BEIHDJA RAHAL, Sur un air de Nouba (2 CDs), Institut du Monde Arabe/Distrib. Harmonia Mundi

“Nous avons tous entendu cette musique au paradis”, écrivait Roumi à propos de la musique classique arabo-persane, qui s’écoutait à l’époque de Séville à Bagdad en passant par Alger, Fès ou Alep. L’Algérienne Beihdja Rahal poursuit son infatigable travail d’enregistrement des Noubas, les suites musicales lyriques qui nous restent de l’héritage musical médiéval du monde arabe, pendant son âge d’or en Andalousie. Ces compositions de plusieurs pièces ont été transmises oralement pendant des siècles, et sont à présent consignées par écrit, notamment grâce au travail remarquable des musiciens algériens juifs du début du XX° siècle, tels Edmond Yafil. Mais certaines, à cause de cette transmission longtemps orale, sont incomplètes – un peu comme s’il manquait le 3° mouvement d’un concerto, ou les Actes 1 et III d’un opéra.
Cet album présente la Nouba M’djanba, ou “Suite Antérieure”, dont subsiste presque la totalité, et la Nouba Mazmûm, qui est l’un des modes de la musique classique andalouse, dont ne subsistent que trois de la douzaine de pièces qui la composaient. A l’écoute de l’album, et après avoir écouté le trio Chemirani, spécialisé en musique classique persane et qui accompagne parfois des musiques médiévales, on se rend compte que les percussions accompagnant le chant et les instruments mélodiques – ‘oud, kwitra (petit ‘oud), mandoline, violons altos et cithare – jouent des rythmes lents, de marche, que l’on entend aussi dans les musiques occidentales médiévales.

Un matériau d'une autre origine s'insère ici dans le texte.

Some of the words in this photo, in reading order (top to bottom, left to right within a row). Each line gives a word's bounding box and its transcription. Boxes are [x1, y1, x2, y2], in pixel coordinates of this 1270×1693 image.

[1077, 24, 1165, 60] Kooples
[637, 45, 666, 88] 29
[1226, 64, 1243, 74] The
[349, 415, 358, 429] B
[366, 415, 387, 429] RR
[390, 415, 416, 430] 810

La plupart des Noubas ont pour sujet l’amour, exactement de la même manière que la plupart des opéras en Occident sont des histoires d’amour. Et, de la même manière que Bach ou Mozart restent toujours programmés dans les concerts en Occident, et ont quelques pièces connues de tous (voir les Italiens qui connaissent par coeur des airs d’opéras de Rossini ou de Verdi), la musique andalouse classique reste populaire de nos jours et a pareillement ses “best-sellers”, chansons d’amour vieilles de plusieurs siècles que l’on connaît et chante par coeur, comme la célèbre “Ya men saken sadri” (Ô toi qui habite mon coeur), et que l’on entend parfois chantée dans les fêtes de mariage de nos jours, tirée de la Nouba Mazmûm .

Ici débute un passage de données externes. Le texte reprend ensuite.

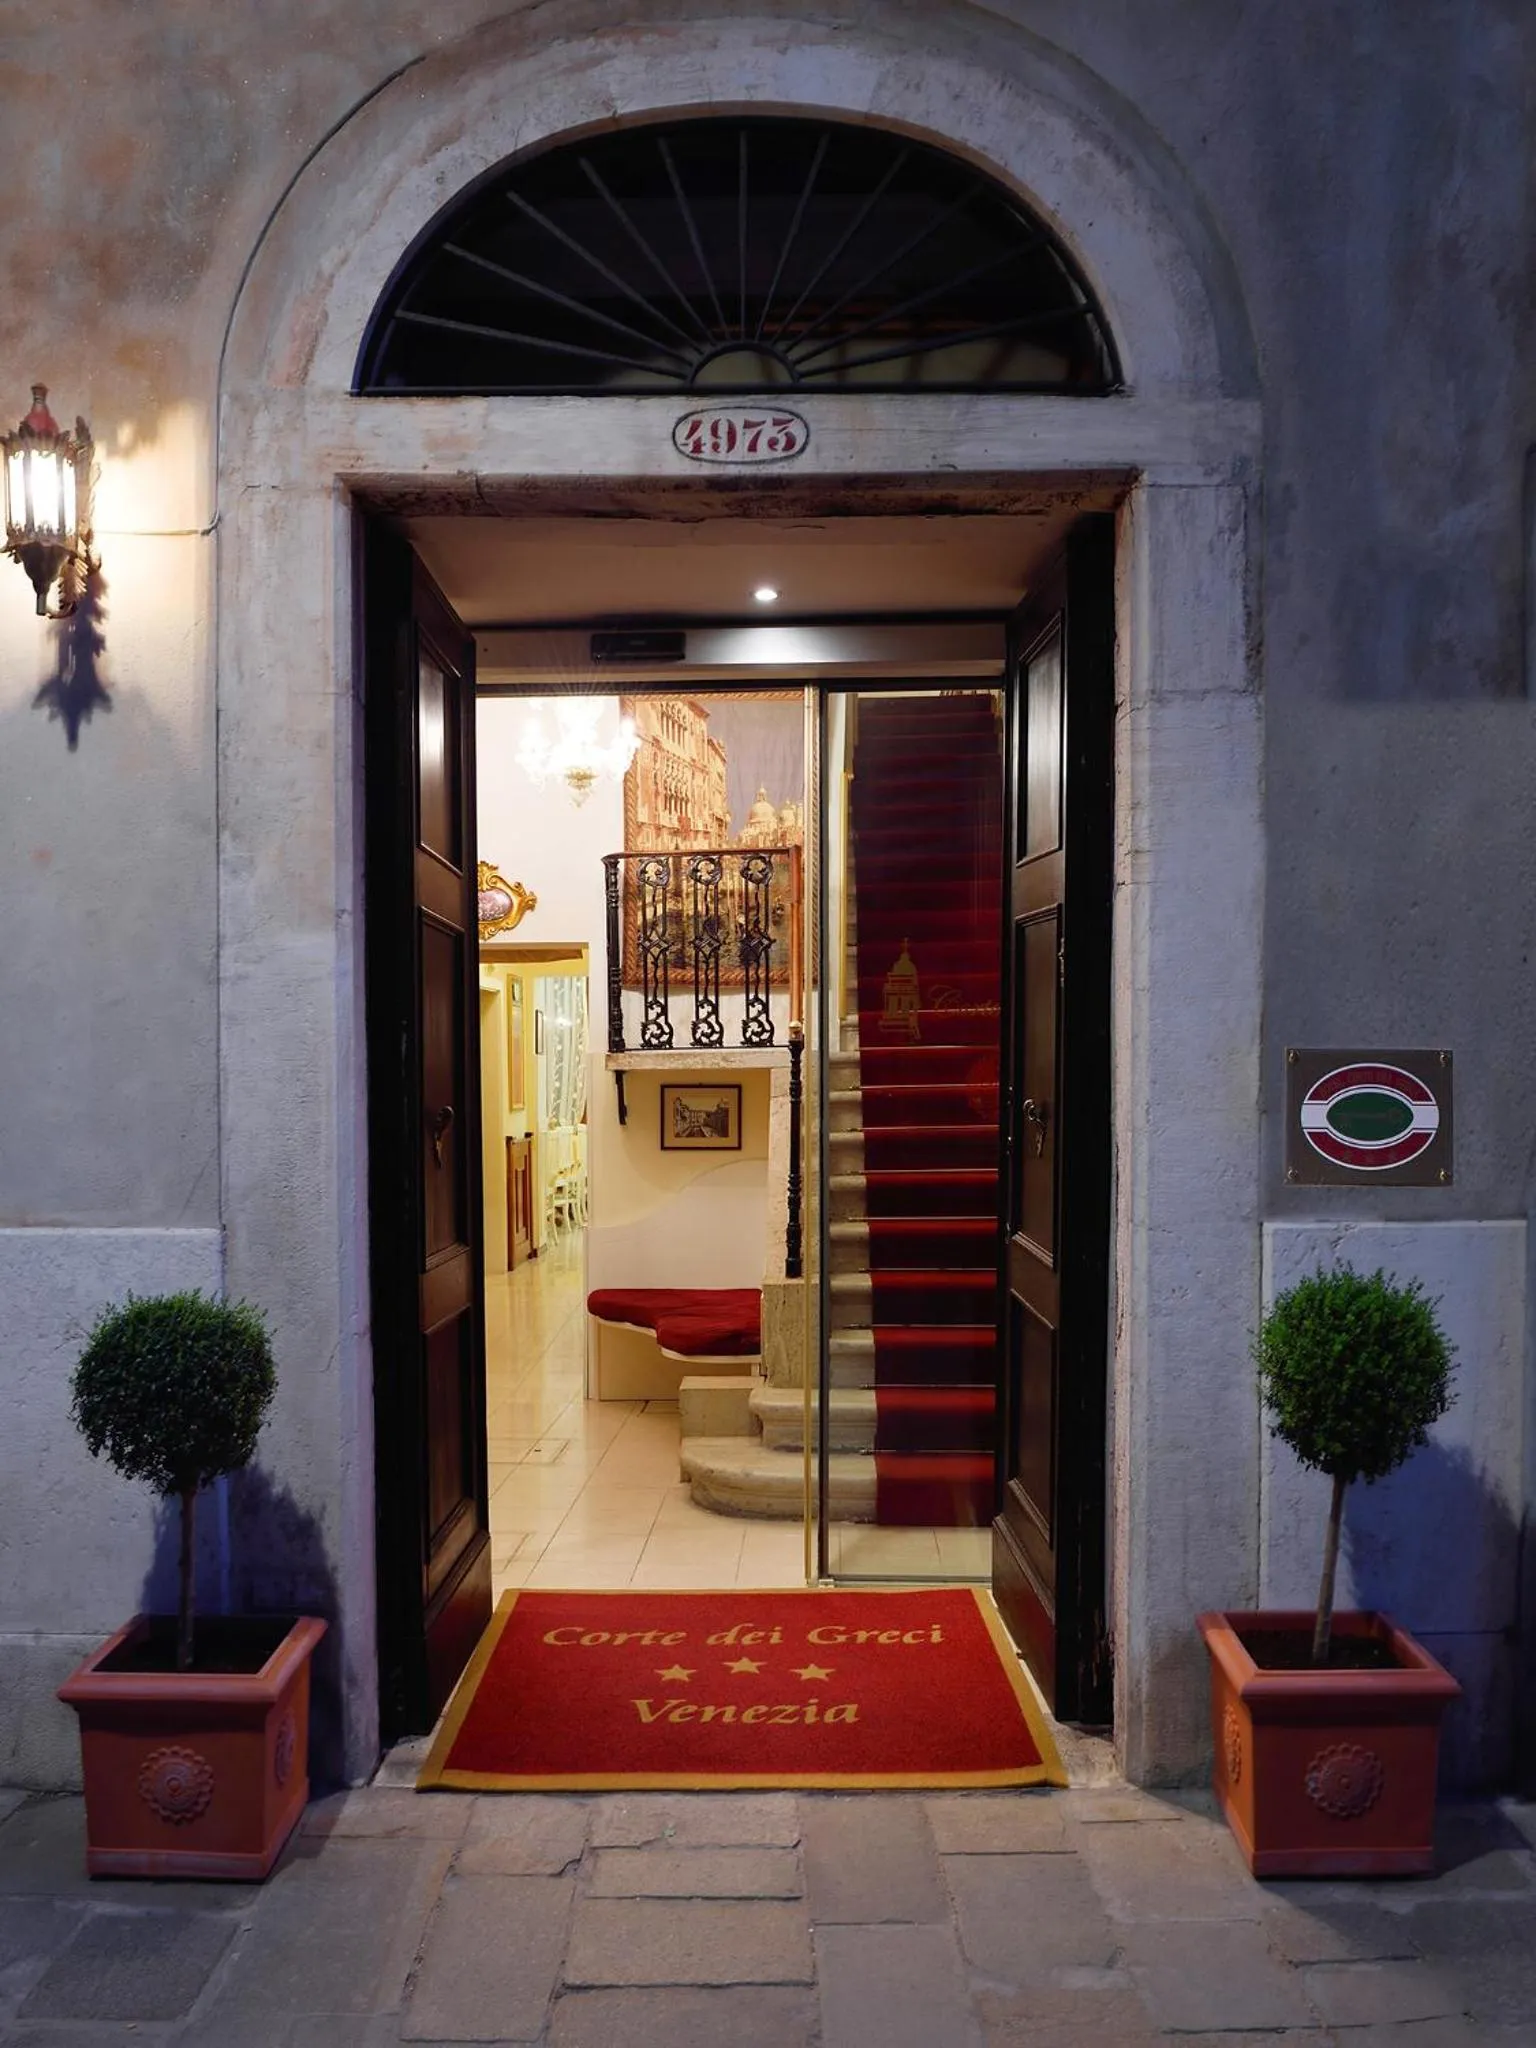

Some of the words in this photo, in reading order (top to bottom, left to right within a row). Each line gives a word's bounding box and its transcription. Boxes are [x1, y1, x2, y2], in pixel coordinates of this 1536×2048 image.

[680, 417, 797, 453] 4973
[543, 1626, 687, 1646] Corte
[706, 1623, 784, 1645] dei
[807, 1624, 945, 1645] Greci
[631, 1699, 860, 1724] Venezia

Voici, pour vous donner une idée du climat torride des poèmes d’amour dans l’Andalousie arabe, les paroles de la première chanson (les autres sont du même acabit) de la Nouba M’djanba, pour ceux qui croient encore que la culture musulmane est synonyme de rigueur et de morale stricte, et que les joues “couleur de rose” et les “dents de perles” se sont toujours cachées derrière des voiles noirs… :
“Mon coeur s’est épris d’une gazelle de Turquie
Sa joue, couleur de rose, a la senteur du musc;
Elle a des yeux pour rire et les miens sont pour pleurer.
Ses regards ont attisé les feux de ma passion.
Je lui ai dit: ô ma gazelle, aux yeux si noirs
Sois généreuse et à tes lèvres laisse moi boire
Et tes dents de perles laisse moi admirer.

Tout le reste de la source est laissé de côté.